### Your instructions
Every record is to be printed exactly as written, and any picture in it is skipped.

### Information supplied
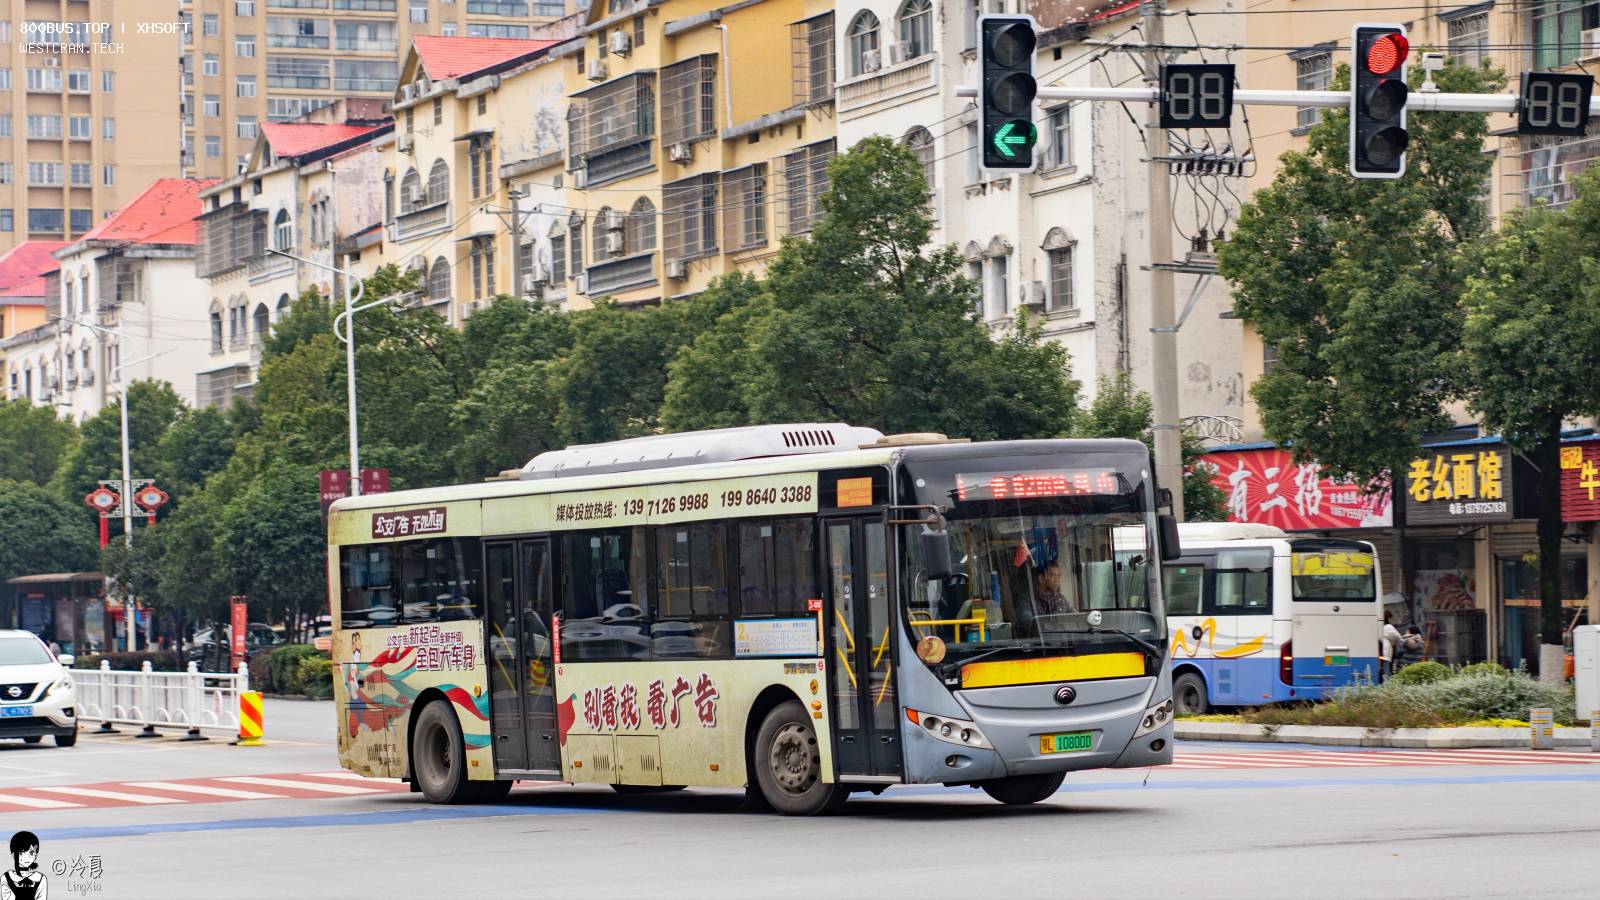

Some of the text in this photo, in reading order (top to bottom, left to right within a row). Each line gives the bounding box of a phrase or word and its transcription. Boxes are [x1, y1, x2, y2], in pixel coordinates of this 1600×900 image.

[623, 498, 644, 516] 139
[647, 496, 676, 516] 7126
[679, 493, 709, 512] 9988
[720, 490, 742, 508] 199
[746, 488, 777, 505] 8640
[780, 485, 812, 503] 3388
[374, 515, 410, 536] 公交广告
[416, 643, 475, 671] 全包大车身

### Task answer
Some of the text in this photo, in reading order (top to bottom, left to right within a row). Each line gives the bounding box of a phrase or word and its transcription. Boxes are [x1, y1, x2, y2], in pixel coordinates of this 1600×900 image.

[623, 498, 644, 516] 139
[647, 496, 676, 516] 7126
[679, 493, 709, 512] 9988
[720, 490, 742, 508] 199
[746, 488, 777, 505] 8640
[780, 485, 812, 503] 3388
[374, 515, 410, 536] 公交广告
[416, 643, 475, 671] 全包大车身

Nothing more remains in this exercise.